Spatial localization data
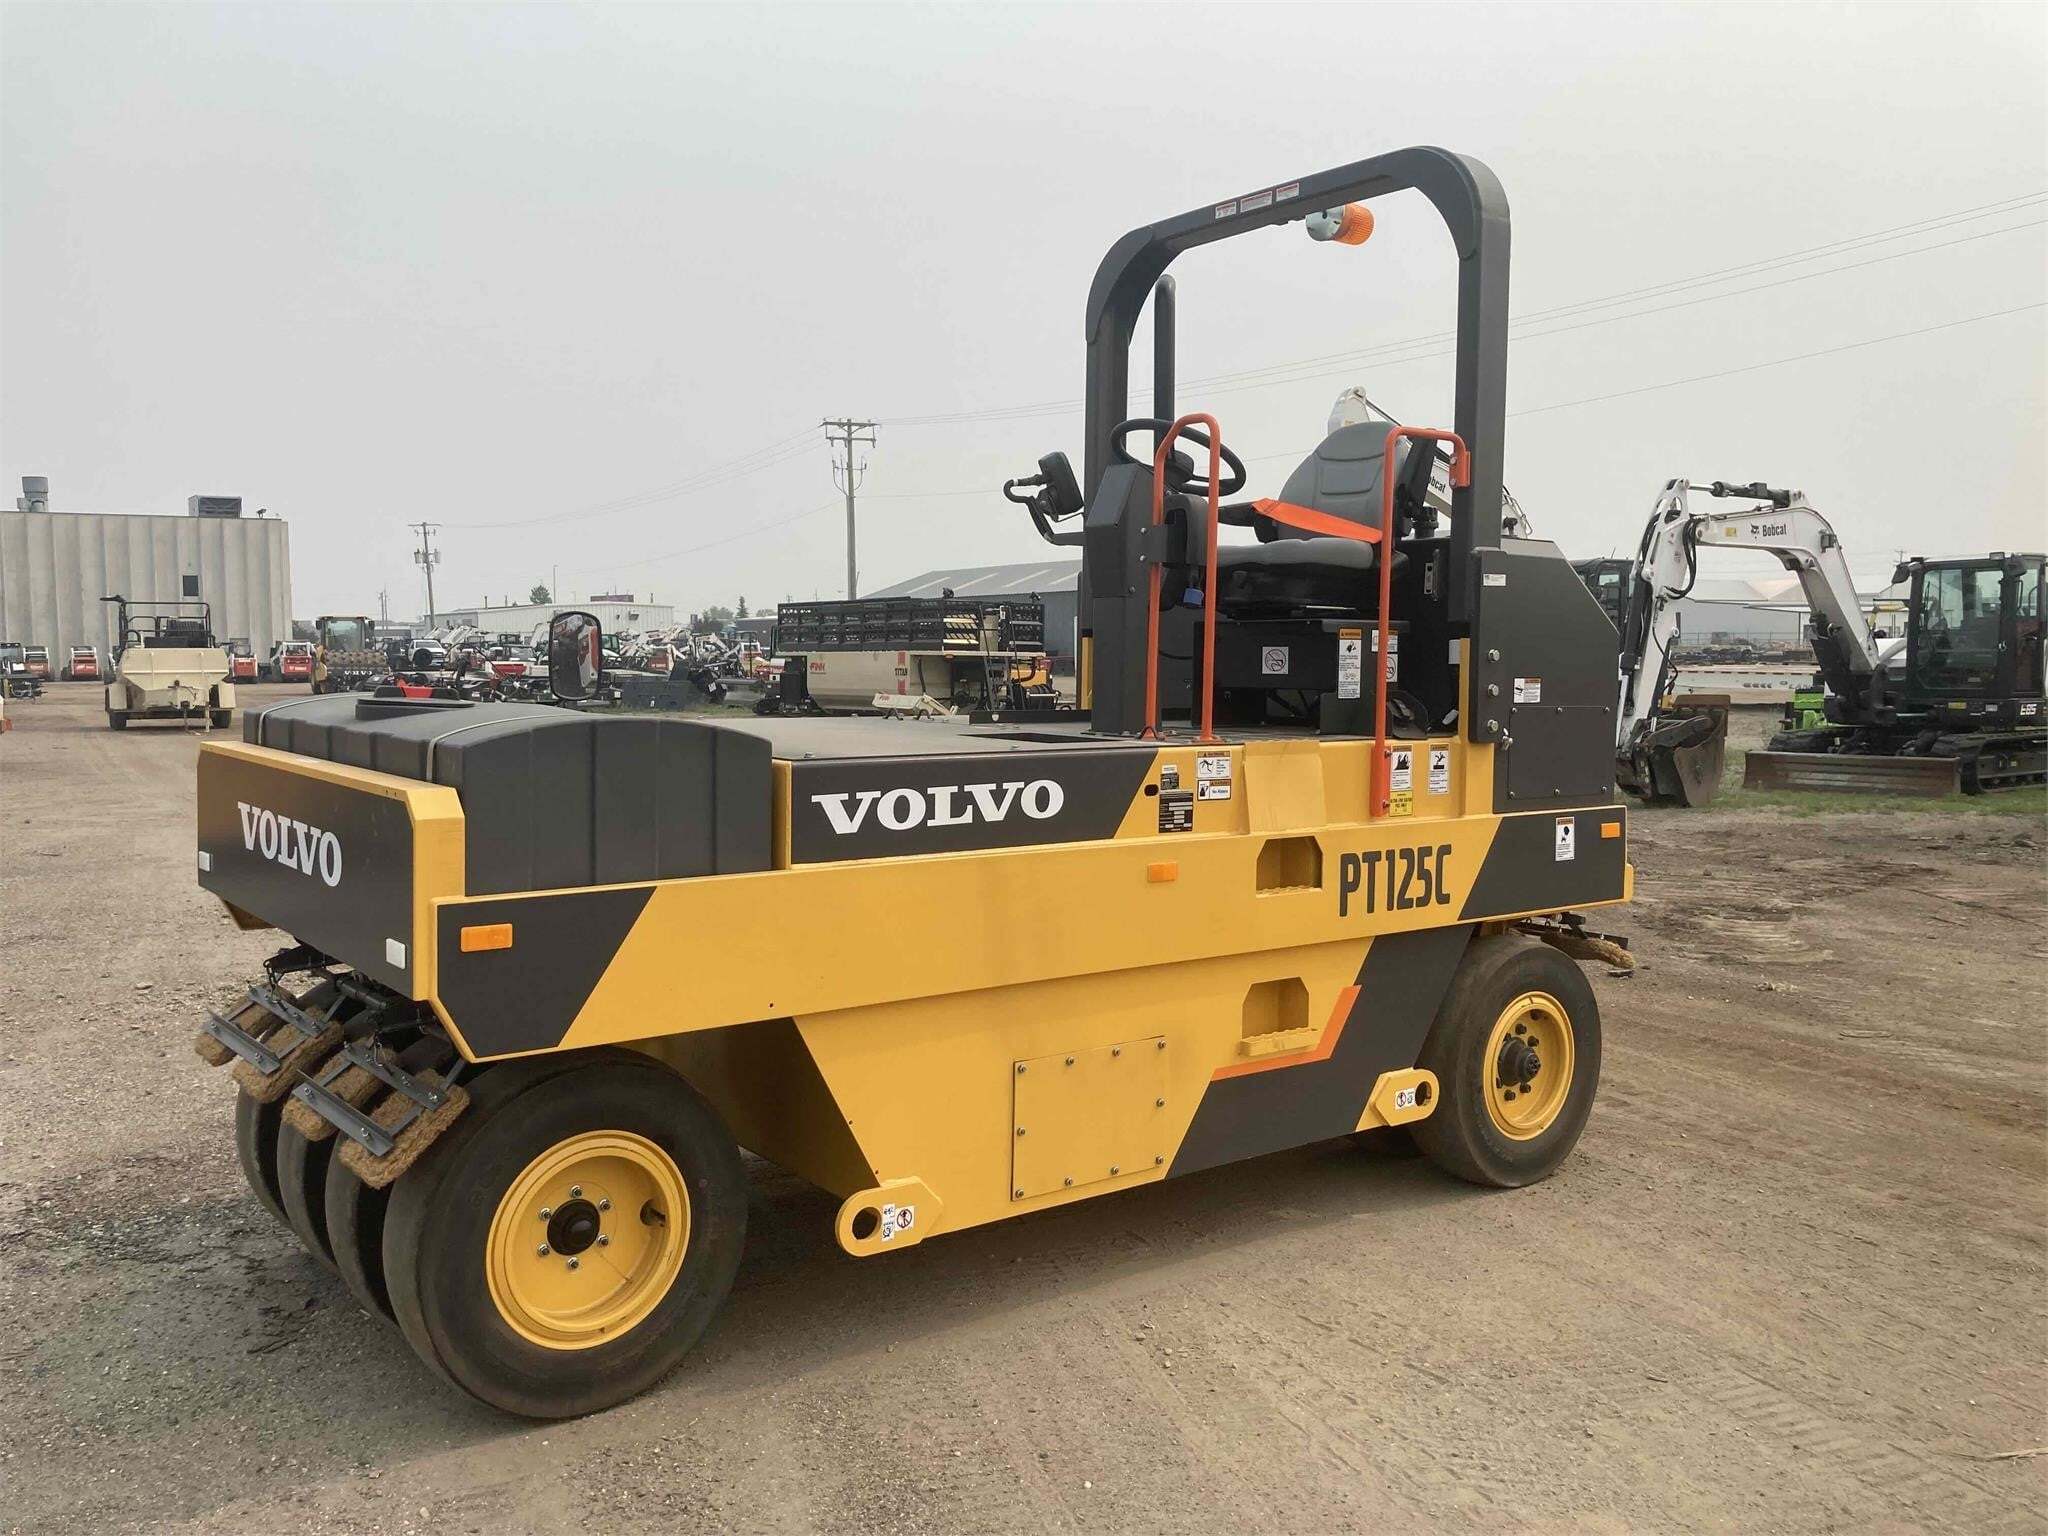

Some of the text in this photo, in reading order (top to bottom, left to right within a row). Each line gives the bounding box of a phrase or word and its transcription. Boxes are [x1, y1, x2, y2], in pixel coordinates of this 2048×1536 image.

[1429, 476, 1445, 493] bcat
[1762, 523, 1787, 536] Bobcat
[2020, 703, 2037, 716] E85
[811, 779, 1064, 835] VOLVO
[237, 801, 343, 887] VOLVO
[1339, 844, 1452, 917] PT125C
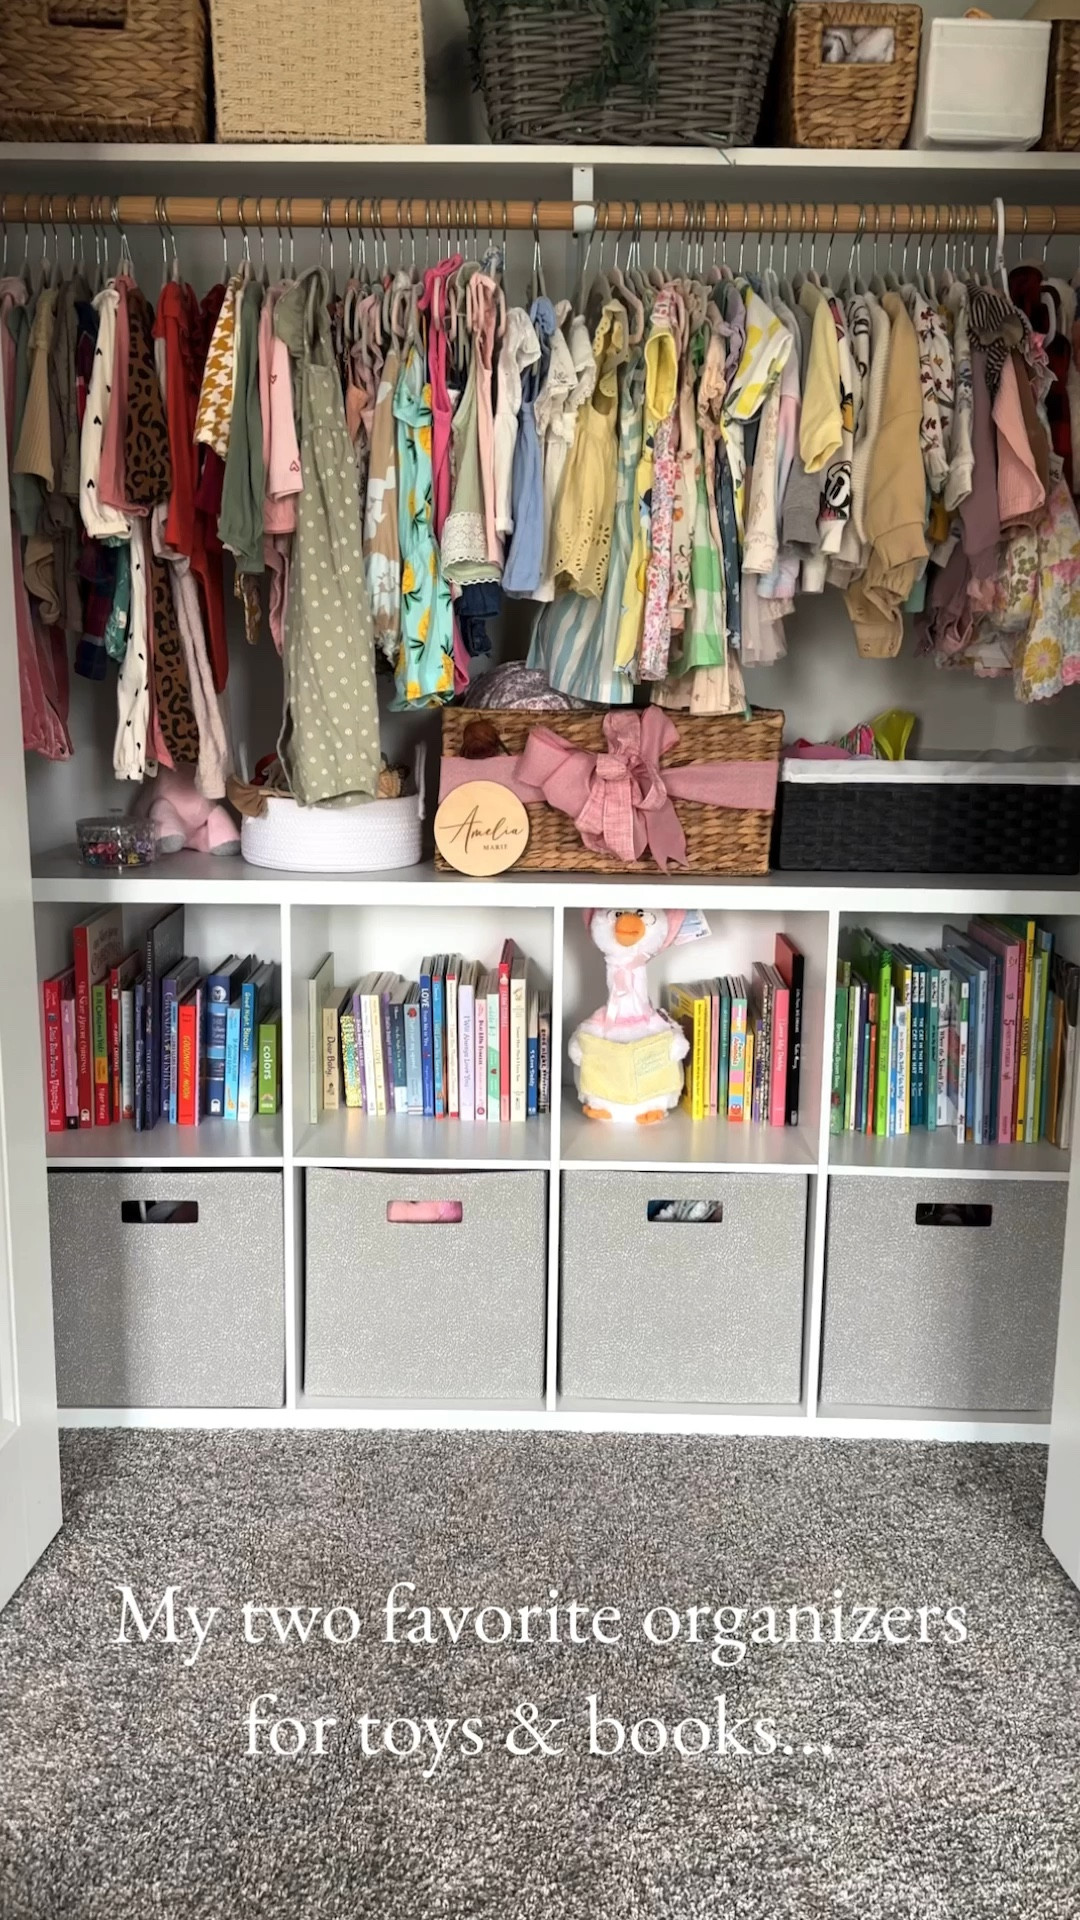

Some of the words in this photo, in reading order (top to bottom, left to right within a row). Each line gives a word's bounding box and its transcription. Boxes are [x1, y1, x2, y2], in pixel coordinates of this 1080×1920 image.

[439, 805, 523, 854] Amelia
[422, 988, 430, 1008] LOVE
[243, 1028, 251, 1051] Biscuit
[327, 1036, 336, 1055] Dear
[183, 1035, 192, 1077] GOODNIGHT
[263, 1045, 273, 1080] colors
[183, 1078, 191, 1100] MOON

What to produce — Whatever pictures the entries contain, omit them, and write the rest out exactly.

Exercise response —
Some of the text in this photo, in reading order (top to bottom, left to right within a row). Each line gives the bounding box of a phrase or word and its transcription. Boxes are [x1, y1, x2, y2], in pixel coordinates of this 2048×1536 image.

[1429, 476, 1445, 493] bcat
[1762, 523, 1787, 536] Bobcat
[2020, 703, 2037, 716] E85
[811, 779, 1064, 835] VOLVO
[237, 801, 343, 887] VOLVO
[1339, 844, 1452, 917] PT125C

Some of the words in this photo, in reading order (top to bottom, left to right within a row). Each line gives a word's bounding box and its transcription. Boxes are [x1, y1, x2, y2], in pixel coordinates of this 1080×1920 image.

[439, 805, 523, 854] Amelia
[422, 988, 430, 1008] LOVE
[243, 1028, 251, 1051] Biscuit
[327, 1036, 336, 1055] Dear
[183, 1035, 192, 1077] GOODNIGHT
[263, 1045, 273, 1080] colors
[183, 1078, 191, 1100] MOON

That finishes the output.